Source material —

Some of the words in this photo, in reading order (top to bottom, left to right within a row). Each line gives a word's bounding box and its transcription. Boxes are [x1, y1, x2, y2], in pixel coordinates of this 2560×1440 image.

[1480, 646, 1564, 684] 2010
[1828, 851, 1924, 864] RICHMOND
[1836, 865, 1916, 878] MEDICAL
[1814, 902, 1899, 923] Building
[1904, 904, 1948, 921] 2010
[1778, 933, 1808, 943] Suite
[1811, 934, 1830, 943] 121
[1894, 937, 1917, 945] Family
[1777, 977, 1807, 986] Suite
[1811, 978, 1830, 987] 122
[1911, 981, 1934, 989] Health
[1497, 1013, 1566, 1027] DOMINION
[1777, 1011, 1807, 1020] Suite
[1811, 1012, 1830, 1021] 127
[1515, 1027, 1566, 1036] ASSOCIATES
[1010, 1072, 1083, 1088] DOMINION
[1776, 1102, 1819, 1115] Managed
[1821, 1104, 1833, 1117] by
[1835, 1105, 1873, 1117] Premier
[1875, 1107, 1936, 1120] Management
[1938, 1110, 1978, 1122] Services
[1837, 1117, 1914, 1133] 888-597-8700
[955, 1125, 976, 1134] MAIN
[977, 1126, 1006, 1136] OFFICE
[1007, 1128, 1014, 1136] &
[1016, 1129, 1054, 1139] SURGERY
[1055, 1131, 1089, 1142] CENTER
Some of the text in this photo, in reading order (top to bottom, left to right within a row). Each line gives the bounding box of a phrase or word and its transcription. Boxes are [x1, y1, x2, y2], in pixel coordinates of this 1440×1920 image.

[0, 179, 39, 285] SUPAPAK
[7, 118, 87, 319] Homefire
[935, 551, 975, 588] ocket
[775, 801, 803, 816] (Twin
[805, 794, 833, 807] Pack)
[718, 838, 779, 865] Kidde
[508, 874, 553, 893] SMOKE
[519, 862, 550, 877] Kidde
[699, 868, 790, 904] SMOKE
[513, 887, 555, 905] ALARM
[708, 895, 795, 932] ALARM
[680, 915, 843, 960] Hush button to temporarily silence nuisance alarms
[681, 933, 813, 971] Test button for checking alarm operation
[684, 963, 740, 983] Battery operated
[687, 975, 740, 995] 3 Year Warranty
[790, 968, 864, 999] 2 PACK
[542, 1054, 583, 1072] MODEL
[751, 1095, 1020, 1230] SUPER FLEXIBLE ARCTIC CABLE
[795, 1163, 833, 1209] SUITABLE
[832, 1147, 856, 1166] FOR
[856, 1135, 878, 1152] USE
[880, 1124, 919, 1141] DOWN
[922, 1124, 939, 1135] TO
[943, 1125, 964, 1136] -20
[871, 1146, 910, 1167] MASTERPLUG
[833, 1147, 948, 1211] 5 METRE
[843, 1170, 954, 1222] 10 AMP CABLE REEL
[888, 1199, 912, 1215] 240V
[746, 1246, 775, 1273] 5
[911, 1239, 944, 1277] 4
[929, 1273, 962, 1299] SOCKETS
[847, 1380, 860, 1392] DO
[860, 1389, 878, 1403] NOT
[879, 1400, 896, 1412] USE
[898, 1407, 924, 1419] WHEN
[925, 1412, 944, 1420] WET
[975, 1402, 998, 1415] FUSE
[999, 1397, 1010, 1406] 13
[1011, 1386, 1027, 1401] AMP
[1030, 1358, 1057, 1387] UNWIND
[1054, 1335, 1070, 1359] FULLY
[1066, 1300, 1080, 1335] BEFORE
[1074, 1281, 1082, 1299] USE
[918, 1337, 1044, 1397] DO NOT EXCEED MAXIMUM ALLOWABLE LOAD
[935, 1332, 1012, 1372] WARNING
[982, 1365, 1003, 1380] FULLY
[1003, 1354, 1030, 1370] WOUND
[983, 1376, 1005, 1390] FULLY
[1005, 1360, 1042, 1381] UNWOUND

Work instructions — Nothing should be altered. Set down all the data again.

Task result —
Some of the words in this photo, in reading order (top to bottom, left to right within a row). Each line gives a word's bounding box and its transcription. Boxes are [x1, y1, x2, y2], in pixel coordinates of this 2560×1440 image.

[1480, 646, 1564, 684] 2010
[1828, 851, 1924, 864] RICHMOND
[1836, 865, 1916, 878] MEDICAL
[1814, 902, 1899, 923] Building
[1904, 904, 1948, 921] 2010
[1778, 933, 1808, 943] Suite
[1811, 934, 1830, 943] 121
[1894, 937, 1917, 945] Family
[1777, 977, 1807, 986] Suite
[1811, 978, 1830, 987] 122
[1911, 981, 1934, 989] Health
[1497, 1013, 1566, 1027] DOMINION
[1777, 1011, 1807, 1020] Suite
[1811, 1012, 1830, 1021] 127
[1515, 1027, 1566, 1036] ASSOCIATES
[1010, 1072, 1083, 1088] DOMINION
[1776, 1102, 1819, 1115] Managed
[1821, 1104, 1833, 1117] by
[1835, 1105, 1873, 1117] Premier
[1875, 1107, 1936, 1120] Management
[1938, 1110, 1978, 1122] Services
[1837, 1117, 1914, 1133] 888-597-8700
[955, 1125, 976, 1134] MAIN
[977, 1126, 1006, 1136] OFFICE
[1007, 1128, 1014, 1136] &
[1016, 1129, 1054, 1139] SURGERY
[1055, 1131, 1089, 1142] CENTER
Some of the text in this photo, in reading order (top to bottom, left to right within a row). Each line gives the bounding box of a phrase or word and its transcription. Boxes are [x1, y1, x2, y2], in pixel coordinates of this 1440×1920 image.

[0, 179, 39, 285] SUPAPAK
[7, 118, 87, 319] Homefire
[935, 551, 975, 588] ocket
[775, 801, 803, 816] (Twin
[805, 794, 833, 807] Pack)
[718, 838, 779, 865] Kidde
[508, 874, 553, 893] SMOKE
[519, 862, 550, 877] Kidde
[699, 868, 790, 904] SMOKE
[513, 887, 555, 905] ALARM
[708, 895, 795, 932] ALARM
[680, 915, 843, 960] Hush button to temporarily silence nuisance alarms
[681, 933, 813, 971] Test button for checking alarm operation
[684, 963, 740, 983] Battery operated
[687, 975, 740, 995] 3 Year Warranty
[790, 968, 864, 999] 2 PACK
[542, 1054, 583, 1072] MODEL
[751, 1095, 1020, 1230] SUPER FLEXIBLE ARCTIC CABLE
[795, 1163, 833, 1209] SUITABLE
[832, 1147, 856, 1166] FOR
[856, 1135, 878, 1152] USE
[880, 1124, 919, 1141] DOWN
[922, 1124, 939, 1135] TO
[943, 1125, 964, 1136] -20
[871, 1146, 910, 1167] MASTERPLUG
[833, 1147, 948, 1211] 5 METRE
[843, 1170, 954, 1222] 10 AMP CABLE REEL
[888, 1199, 912, 1215] 240V
[746, 1246, 775, 1273] 5
[911, 1239, 944, 1277] 4
[929, 1273, 962, 1299] SOCKETS
[847, 1380, 860, 1392] DO
[860, 1389, 878, 1403] NOT
[879, 1400, 896, 1412] USE
[898, 1407, 924, 1419] WHEN
[925, 1412, 944, 1420] WET
[975, 1402, 998, 1415] FUSE
[999, 1397, 1010, 1406] 13
[1011, 1386, 1027, 1401] AMP
[1030, 1358, 1057, 1387] UNWIND
[1054, 1335, 1070, 1359] FULLY
[1066, 1300, 1080, 1335] BEFORE
[1074, 1281, 1082, 1299] USE
[918, 1337, 1044, 1397] DO NOT EXCEED MAXIMUM ALLOWABLE LOAD
[935, 1332, 1012, 1372] WARNING
[982, 1365, 1003, 1380] FULLY
[1003, 1354, 1030, 1370] WOUND
[983, 1376, 1005, 1390] FULLY
[1005, 1360, 1042, 1381] UNWOUND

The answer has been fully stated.